Baltimore 2000 also summarized an overview of urban-suburban problems as well as emerging ideas on metropolitan cooperation and regionalism with an eye to stimulating extended discussion of urban and metropolitan concerns.
But Baltimore 2000 was fixed in place on twenty-nine printed pages and wasn't readily available once the initial supply had been distributed.
That led to the creation of this slightly changed web version of Baltimore 2000 located at
http://www.lai.org/go/library/publications/Baltimore2000.html
which can be used to:
- Review the original monograph or just parts of it
- Update the original monograph as metropolitan development changes
- Link to Metropolitan Baltimore planning, development, governing organizations
- Link to web sites dealing with urban and metropolitan issues in general
- Communicate with concerned organizations and people
BALTIMORE 2001: THE CHANGING URBAN METROPOLIS
Metropolitan Baltimore was a single-centered urban complex well into the first half of the 20th Century. Since then, a markedly different multi-centered urban pattern characterized by sprawl, scattered employment centers, and diffuse traffic patterns has emerged. And now the region is on the edge, perhaps, of a more dispersed communications-oriented urban pattern which already shows faint signs that it might take definitive shape over the next twenty to fifty years.
The fact of continual urban change is readily apparent just one year after the original presentation of Baltimore 2000. Consider just a few examples:
- Announcements of still more housing, office, and hotel development for the booming Inner Harbor area
- More "wired" adaptive reuse of buildings for technology activities clustered around Baltimore's "digital harbor"
- Proposals for substantial additions to Baltimore's downtown housing stock
- Changing emphasis of the much debated CBD West Side Plan from demolition for new buildings to adaptive preservation of existing buildings for a mix of housing, culture, and business
- Explosive demolition of the last three of Baltimore's high rise public housing towers for families
- Renewing a massive and long-vacant million square foot Montgomery Ward warehouse as a promising and environmentally sensitive job center
- Plans for renovating historic Jones Falls Valley buildings for environmentally sound "new economy" uses, housing, waterside recreation, and biking trails
- Scaled back plans for community renewal in Southeast Baltimore County following a referendum defeating use of eminent domain for renewal
- Continued development of distribution and office space near I-95 in Harford and Baltimore counties, as well as near BWI airport in Anne Arundel County
- Starting a Baltimore Metropolitan Council "Vision 2030" effort to define how the region wishes to grow physically, socially, and economically
The evidence is clear.
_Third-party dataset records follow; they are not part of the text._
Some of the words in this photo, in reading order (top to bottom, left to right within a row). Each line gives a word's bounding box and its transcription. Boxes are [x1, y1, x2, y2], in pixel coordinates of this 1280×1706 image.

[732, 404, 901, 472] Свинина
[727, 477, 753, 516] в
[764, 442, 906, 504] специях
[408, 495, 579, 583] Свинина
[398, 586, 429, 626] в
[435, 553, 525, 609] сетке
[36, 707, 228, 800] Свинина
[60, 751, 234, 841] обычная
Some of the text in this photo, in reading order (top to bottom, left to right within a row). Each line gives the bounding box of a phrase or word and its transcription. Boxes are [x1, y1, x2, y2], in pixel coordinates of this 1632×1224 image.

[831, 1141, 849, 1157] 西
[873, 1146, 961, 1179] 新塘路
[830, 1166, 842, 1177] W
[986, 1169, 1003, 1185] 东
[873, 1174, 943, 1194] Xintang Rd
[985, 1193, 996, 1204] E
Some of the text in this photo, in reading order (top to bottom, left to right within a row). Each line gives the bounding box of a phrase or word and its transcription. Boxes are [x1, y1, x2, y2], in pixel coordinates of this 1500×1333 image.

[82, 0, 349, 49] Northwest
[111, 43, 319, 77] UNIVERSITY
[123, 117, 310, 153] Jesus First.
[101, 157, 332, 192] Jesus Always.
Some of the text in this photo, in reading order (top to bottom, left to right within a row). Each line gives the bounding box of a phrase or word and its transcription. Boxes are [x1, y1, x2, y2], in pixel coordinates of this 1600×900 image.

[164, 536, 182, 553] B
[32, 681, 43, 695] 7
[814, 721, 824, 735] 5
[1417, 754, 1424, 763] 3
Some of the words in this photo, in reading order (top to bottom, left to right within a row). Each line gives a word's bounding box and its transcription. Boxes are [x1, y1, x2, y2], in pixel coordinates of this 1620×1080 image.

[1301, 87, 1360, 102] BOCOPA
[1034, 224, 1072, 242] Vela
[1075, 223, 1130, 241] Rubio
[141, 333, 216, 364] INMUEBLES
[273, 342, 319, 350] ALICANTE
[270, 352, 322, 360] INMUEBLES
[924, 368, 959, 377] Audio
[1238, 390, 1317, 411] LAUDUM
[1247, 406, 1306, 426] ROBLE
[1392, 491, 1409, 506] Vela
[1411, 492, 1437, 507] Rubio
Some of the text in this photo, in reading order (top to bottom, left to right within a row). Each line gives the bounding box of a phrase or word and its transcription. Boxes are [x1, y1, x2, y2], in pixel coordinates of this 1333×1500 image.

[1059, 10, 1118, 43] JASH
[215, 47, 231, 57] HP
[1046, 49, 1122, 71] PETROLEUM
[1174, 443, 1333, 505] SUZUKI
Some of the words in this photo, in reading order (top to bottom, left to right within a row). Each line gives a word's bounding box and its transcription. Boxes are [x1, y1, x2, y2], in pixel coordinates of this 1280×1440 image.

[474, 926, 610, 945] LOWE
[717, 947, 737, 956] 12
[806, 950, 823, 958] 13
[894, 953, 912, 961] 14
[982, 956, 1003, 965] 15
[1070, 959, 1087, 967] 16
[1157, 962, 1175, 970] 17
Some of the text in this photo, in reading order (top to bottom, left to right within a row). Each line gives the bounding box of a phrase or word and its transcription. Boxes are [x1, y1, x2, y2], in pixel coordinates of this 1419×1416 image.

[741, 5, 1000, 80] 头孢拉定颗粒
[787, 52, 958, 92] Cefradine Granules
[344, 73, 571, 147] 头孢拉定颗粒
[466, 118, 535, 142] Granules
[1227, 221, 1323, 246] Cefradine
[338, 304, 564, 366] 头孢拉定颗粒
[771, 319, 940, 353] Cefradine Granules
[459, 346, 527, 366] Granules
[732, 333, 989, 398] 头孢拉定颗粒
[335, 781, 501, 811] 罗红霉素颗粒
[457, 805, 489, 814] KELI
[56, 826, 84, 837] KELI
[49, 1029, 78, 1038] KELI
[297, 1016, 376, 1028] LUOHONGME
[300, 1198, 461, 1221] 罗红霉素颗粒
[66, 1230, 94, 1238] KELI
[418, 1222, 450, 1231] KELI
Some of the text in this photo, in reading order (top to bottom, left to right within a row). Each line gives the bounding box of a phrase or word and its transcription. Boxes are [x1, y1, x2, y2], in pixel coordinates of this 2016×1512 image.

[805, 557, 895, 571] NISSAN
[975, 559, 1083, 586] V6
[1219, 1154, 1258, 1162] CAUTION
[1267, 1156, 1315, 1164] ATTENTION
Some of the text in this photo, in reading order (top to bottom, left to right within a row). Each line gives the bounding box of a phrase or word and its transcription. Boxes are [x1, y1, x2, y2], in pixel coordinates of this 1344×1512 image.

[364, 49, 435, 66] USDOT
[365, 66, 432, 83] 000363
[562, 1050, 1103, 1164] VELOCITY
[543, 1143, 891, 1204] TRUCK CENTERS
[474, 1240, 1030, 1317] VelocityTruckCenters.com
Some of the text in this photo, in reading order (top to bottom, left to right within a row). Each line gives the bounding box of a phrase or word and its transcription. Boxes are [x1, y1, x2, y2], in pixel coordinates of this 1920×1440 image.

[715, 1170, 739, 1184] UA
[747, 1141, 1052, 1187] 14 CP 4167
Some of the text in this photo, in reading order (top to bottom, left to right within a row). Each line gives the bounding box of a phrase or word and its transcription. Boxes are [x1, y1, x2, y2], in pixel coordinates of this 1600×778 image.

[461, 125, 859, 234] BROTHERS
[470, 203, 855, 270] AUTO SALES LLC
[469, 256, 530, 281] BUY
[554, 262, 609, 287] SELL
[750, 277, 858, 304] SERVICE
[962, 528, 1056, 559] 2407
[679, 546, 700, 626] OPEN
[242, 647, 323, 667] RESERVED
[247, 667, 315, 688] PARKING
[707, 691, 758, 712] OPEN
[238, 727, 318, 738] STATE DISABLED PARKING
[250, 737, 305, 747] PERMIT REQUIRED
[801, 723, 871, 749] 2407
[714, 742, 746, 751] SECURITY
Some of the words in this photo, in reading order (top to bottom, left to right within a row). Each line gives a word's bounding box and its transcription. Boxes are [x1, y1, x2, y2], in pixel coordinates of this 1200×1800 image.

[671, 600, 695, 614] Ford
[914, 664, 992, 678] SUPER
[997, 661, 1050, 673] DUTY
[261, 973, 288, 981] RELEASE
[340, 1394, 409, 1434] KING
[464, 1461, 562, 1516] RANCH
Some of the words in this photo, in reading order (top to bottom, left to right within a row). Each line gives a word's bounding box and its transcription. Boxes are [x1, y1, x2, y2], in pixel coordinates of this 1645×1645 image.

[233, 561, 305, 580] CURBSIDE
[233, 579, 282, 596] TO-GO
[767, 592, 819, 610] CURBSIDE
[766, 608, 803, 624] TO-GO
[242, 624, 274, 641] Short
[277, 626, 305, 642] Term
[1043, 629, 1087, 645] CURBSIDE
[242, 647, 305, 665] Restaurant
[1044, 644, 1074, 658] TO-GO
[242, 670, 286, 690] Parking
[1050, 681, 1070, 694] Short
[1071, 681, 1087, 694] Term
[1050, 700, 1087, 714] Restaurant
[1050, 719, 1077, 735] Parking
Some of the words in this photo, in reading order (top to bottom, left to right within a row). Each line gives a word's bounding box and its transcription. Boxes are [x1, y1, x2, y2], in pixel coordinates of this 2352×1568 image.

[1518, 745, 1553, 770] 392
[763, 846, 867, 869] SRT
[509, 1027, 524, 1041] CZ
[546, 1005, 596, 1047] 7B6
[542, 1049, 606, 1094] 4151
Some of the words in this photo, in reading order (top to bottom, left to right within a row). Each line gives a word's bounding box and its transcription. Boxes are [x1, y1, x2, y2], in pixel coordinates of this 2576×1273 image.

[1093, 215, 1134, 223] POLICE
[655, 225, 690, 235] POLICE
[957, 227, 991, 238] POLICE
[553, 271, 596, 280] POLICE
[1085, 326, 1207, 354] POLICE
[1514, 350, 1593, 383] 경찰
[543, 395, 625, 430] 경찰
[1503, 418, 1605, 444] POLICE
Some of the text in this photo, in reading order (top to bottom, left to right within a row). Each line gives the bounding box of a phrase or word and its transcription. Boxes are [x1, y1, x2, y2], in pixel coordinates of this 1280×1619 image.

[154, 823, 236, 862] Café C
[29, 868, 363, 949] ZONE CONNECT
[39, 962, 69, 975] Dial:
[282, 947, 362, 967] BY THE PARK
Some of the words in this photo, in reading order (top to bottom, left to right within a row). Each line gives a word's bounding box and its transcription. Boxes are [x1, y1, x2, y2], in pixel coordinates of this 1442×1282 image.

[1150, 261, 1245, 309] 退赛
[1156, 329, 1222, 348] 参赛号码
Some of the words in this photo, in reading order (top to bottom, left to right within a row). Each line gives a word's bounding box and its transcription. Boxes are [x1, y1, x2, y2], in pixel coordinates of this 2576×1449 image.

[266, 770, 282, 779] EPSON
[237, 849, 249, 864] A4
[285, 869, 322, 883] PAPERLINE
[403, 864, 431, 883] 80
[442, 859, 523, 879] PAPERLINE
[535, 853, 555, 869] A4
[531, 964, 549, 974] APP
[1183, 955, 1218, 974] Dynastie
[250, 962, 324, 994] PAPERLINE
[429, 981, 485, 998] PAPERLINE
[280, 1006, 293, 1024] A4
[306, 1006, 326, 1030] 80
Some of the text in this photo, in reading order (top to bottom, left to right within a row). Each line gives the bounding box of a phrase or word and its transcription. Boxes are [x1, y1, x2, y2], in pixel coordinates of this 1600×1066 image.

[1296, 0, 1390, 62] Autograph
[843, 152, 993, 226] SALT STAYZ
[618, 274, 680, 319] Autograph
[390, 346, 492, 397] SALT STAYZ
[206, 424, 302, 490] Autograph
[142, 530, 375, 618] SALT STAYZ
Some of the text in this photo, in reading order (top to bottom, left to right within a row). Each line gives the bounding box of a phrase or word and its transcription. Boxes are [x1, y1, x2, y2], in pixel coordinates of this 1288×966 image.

Urban development continues apace in the Baltimore Metropolitan Area changing the urban pattern incrementally year-by-year and place-by-place as a reflection of new forces and changing concepts.
BALTIMORE 2000: INTERNET WEB LINKAGES
This web version of Baltimore 2000 can be read as a whole presentation of history, economic forces, urban development concepts, specific developments, regional challenges, and metropolitan initiatives by simply continuing through this web text.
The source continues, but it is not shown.